Vide una chioma rossa che riconobbe immediatamente. Non riusciva a vederlo in volto, ma la sua sola presenza la fece sentire subito meglio.
George avrebbe sicuramente portato via ogni brutta sensazione che stava provando in quel momento. George avrebbe saputo proteggerla, curarla, contenerla. Perché George era riuscito nell'arduo compito di riportarla in vita.
Lo seguì fino al cortile esterno del locale. Ma ciò che vide spaccò in due il suo corpo e la sua anima, in un solo colpo.
Il pavimento crollò sotto i suoi piedi.
Il suo respiro spezzato si interruppe.
Perché, davanti a lei, George stava baciando Angelina.
E lei era appena morta dentro.
11 Agosto 2000
«Amore, sei pronta? Ci stanno aspettando alla Tana!»
«Arrivo subito, finisco di mettere a posto queste pozioni d'amore sullo scaffale e ci sono!»
Isabelle pensò dentro di sé a quanto fosse strano pronunciare quelle parole. Fino all'anno prima, non avrebbe mai pensato di potersi ritrovare immersa nel mondo magico, nelle sue stranezze e nelle sue meraviglie.
Terminò di sistemare i flaconcini nello spazio apposito e poi andò verso il ripiano della cassa, dove appoggiò il grembiule. Quel sabato d'estate era stata una giornata davvero estenuante, anche perché aveva alle spalle tutta la settimana lavorativa in ufficio. Ormai da diversi mesi, infatti, tentava di mantenere un doppio impegno: il lavoro da contabile dal lunedì al venerdì, mentre invece il sabato e alcune volte la domenica mattina la dedicava ad aiutare George e Ron ai Tiri Vispi, visto che l'assenza improvvisa di Percy li aveva destabilizzati. In più, aveva dormito poco e male. Il sogno della notte precedente aveva trafitto il suo cuore in modi che non pensava possibili. Si era svegliata di soprassalto, piangendo e urlando il suo nome. Sentiva l'accaduto fin troppo reale, e ci volle una mezz'ora buona e tutto l'aiuto da parte di George per aiutarla a riprendersi.

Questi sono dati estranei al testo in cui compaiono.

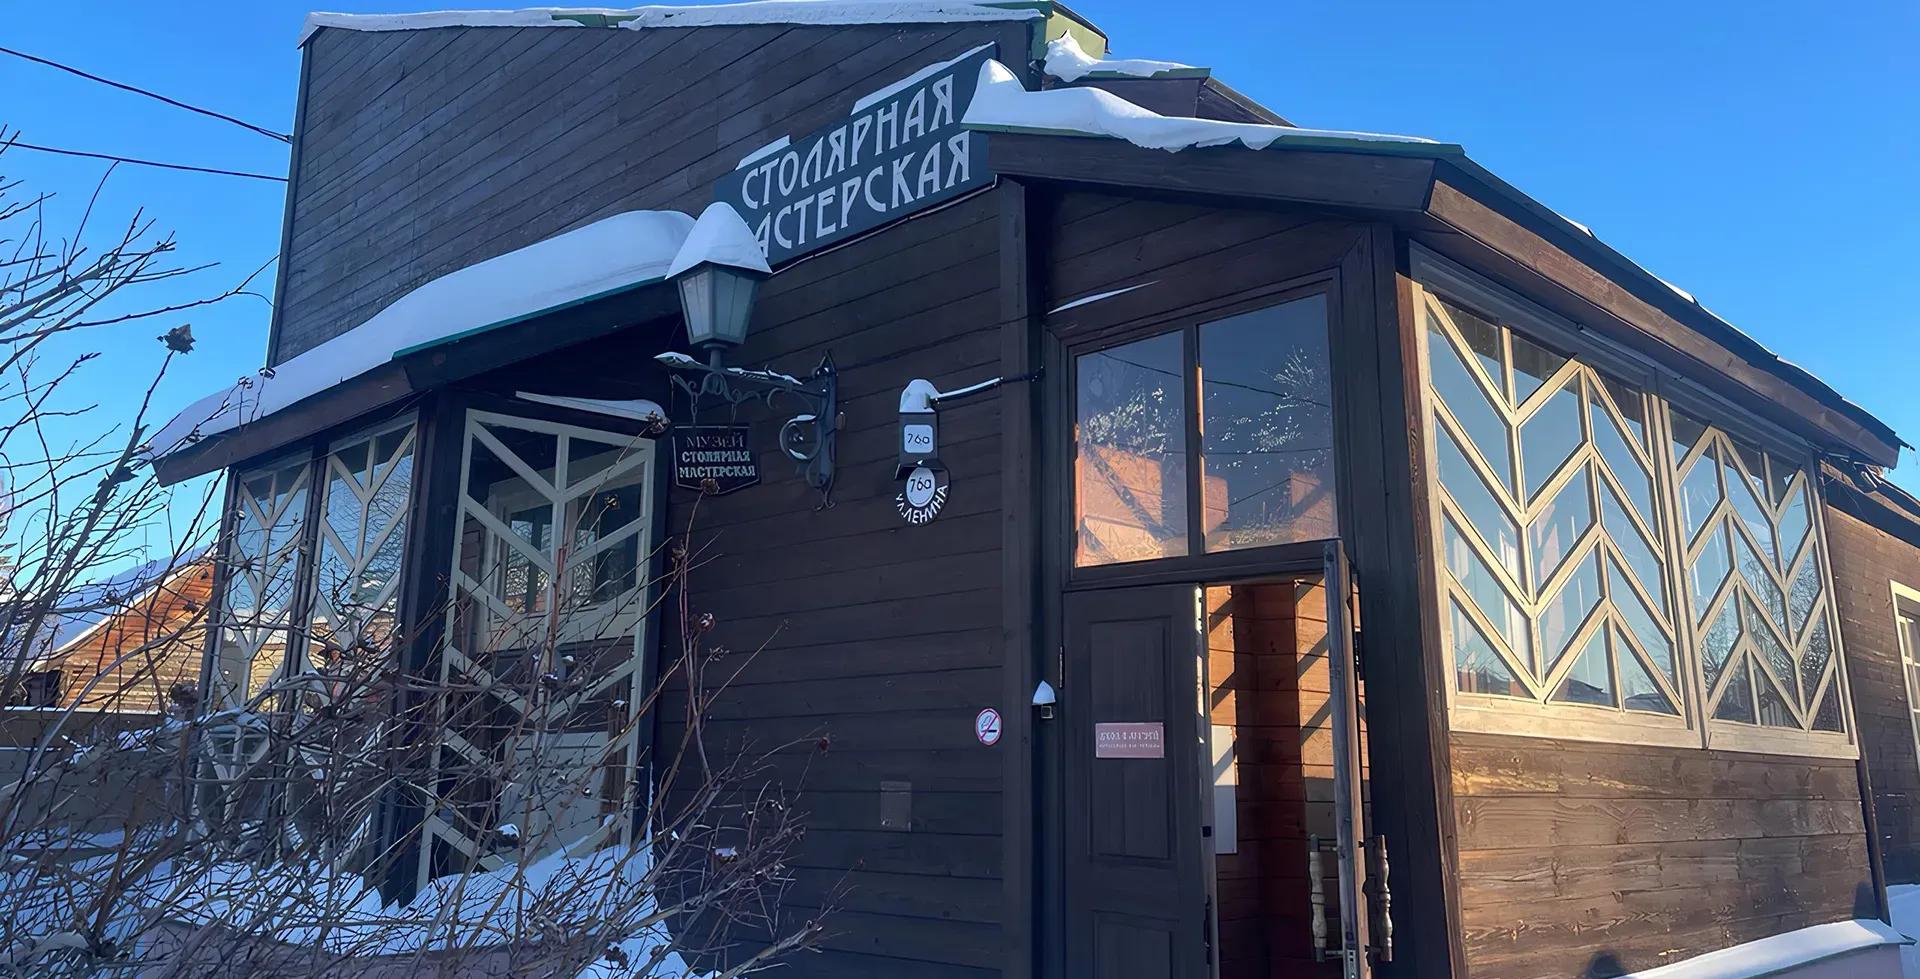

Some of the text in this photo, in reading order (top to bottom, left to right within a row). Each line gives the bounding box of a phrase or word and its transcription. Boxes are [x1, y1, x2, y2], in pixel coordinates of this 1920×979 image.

Sentì le braccia di lui avvolgerla intorno alla vita. «Cosa stai pensando in quella testolina?» disse ridendo, mentre le posava un lieve bacio sulla guancia. «Ancora quel brutto incubo?»
Si limitò ad annuire, senza aggiungere altro. Non aveva raccontato il contenuto del suo sogno, anche per non farlo preoccupare più di quanto non avesse già fatto. In più, non voleva passare per la fidanzata gelosa e psicopatica. Si fidava di lui ciecamente. Perciò aveva liquidato le sue domande preoccupate rispondendo che non ricordava niente della sera precedente, a parte le terribili sensazioni provate.
«Non devi avere paura di niente, ci sono io a proteggerti!»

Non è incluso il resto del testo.